Yes and in a market where the median sold price in Selden has reached $550,000 and is still climbing, the math is worth thinking about clearly. A wet basement is one of the first things a buyer’s home inspector flags, and it’s one of the most common reasons a deal either falls apart or gets renegotiated at a lower price. A professionally waterproofed basement with a written warranty removes that liability from the table entirely.
Beyond the inspection dynamic, a dry and usable basement adds functional square footage to a home space that can be finished, used for storage, or simply not a source of anxiety for the next owner. A transferable waterproofing warranty is a documented asset that shows up positively in a listing and signals to buyers that the home has been maintained responsibly. For Selden homeowners watching their equity grow, waterproofing is one of the few home improvements that protects the asset value you’ve already built while also improving the day-to-day livability of the home.

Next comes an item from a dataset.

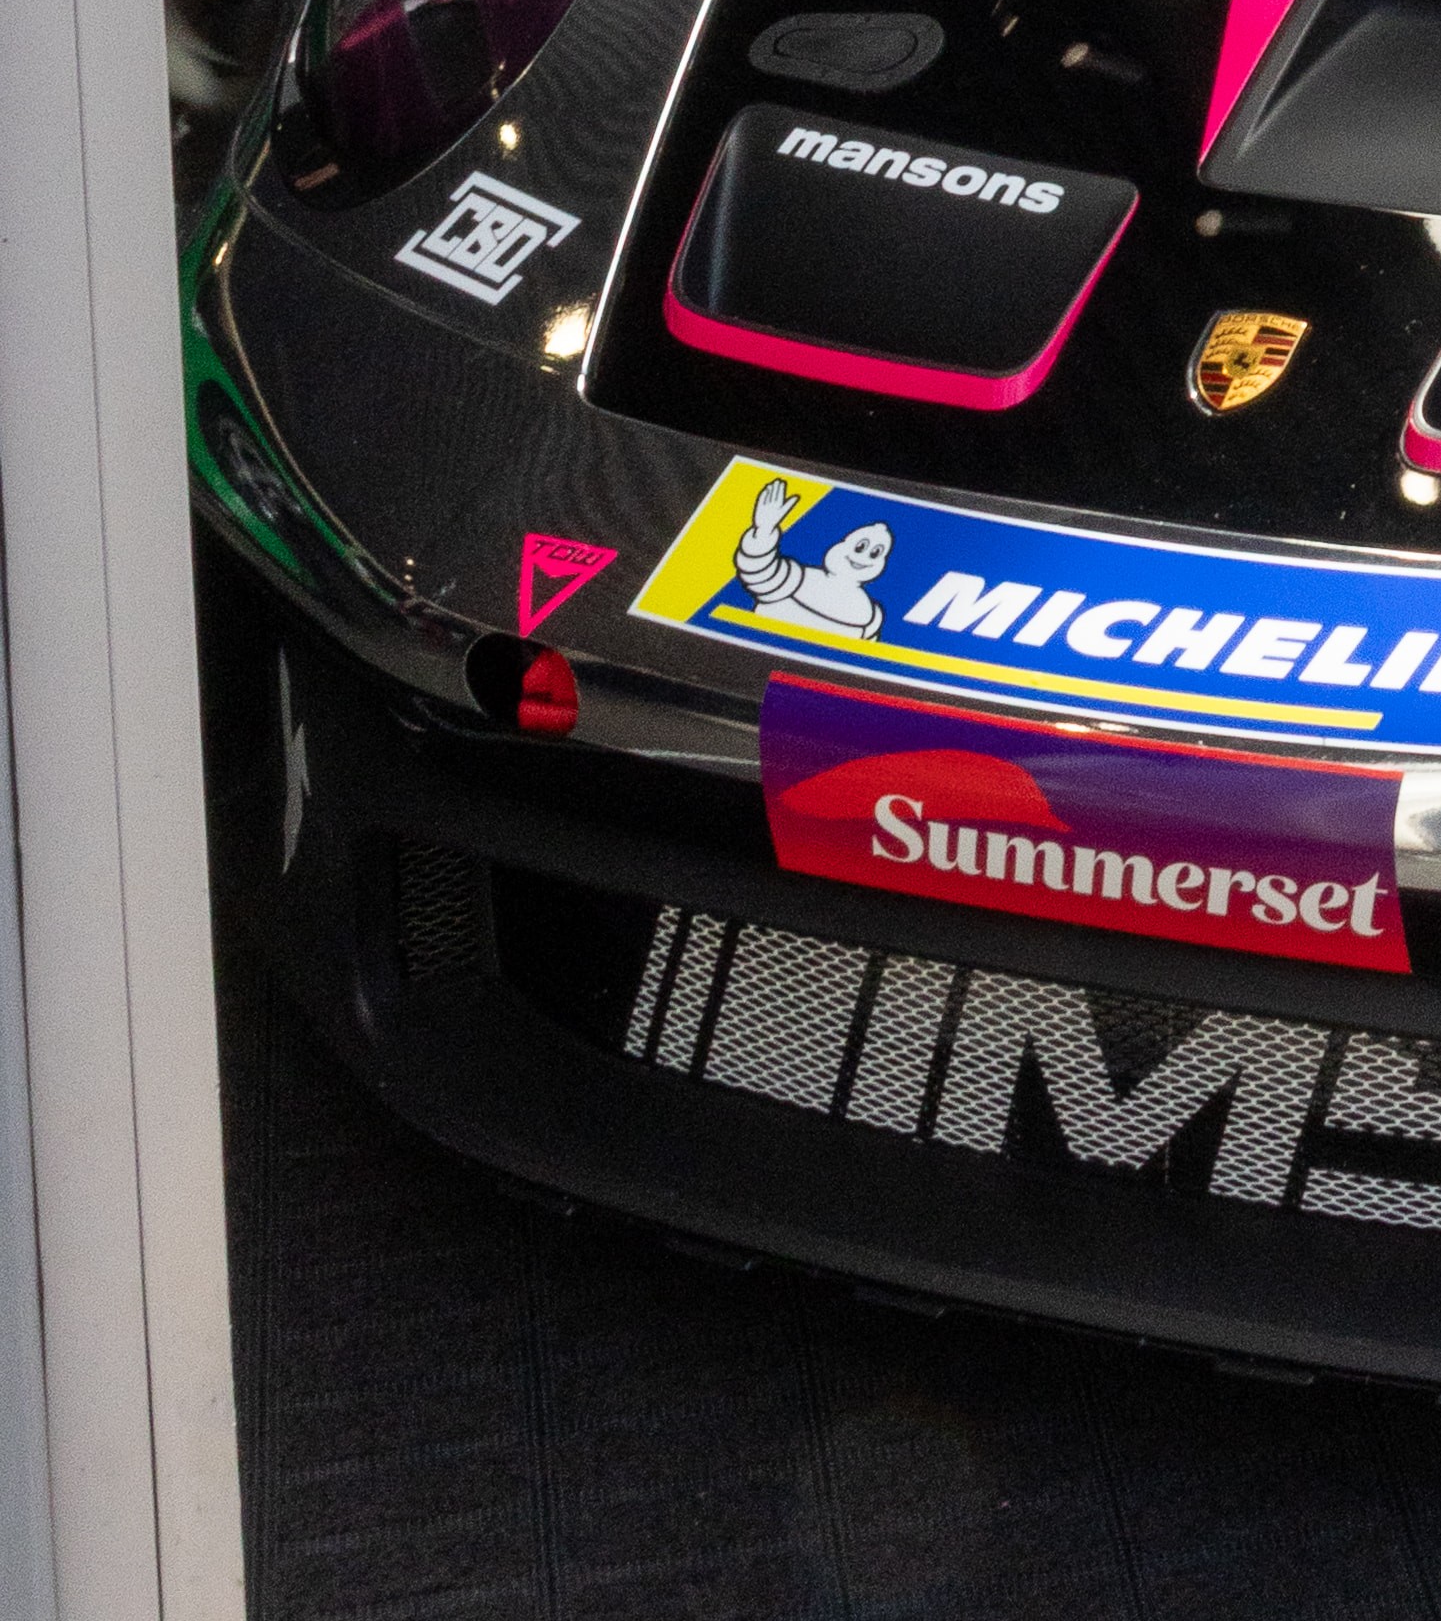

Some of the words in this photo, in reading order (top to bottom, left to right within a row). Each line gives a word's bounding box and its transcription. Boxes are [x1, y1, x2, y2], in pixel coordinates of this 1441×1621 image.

The Selden waterproofing market has no shortage of contractors some local, some regional franchises, some national brands with local dealer pages. The difference between a good hire and a bad one usually comes down to a few things that are easy to check before you commit.
First, confirm they’re licensed in New York State and carry general liability and workers’ compensation insurance. This isn’t optional if a worker is injured on your property and the contractor isn’t properly insured, you’re exposed. Second, ask how they diagnose the problem. A contractor who recommends a solution before completing a thorough inspection is selling, not diagnosing. Third, get the warranty in writing and read it. Ask specifically whether it’s transferable to a new buyer in a market like Selden where home values are rising and many owners sell within a decade, that matters. Finally, check that they’re familiar with Town of Brookhaven permit requirements and understand the local conditions Long Island’s glacial soil, the area’s aquifer-fed water table, and the reality that most Selden homes are on septic systems rather than municipal sewer. A contractor who knows this area will handle your job differently than one who doesn’t.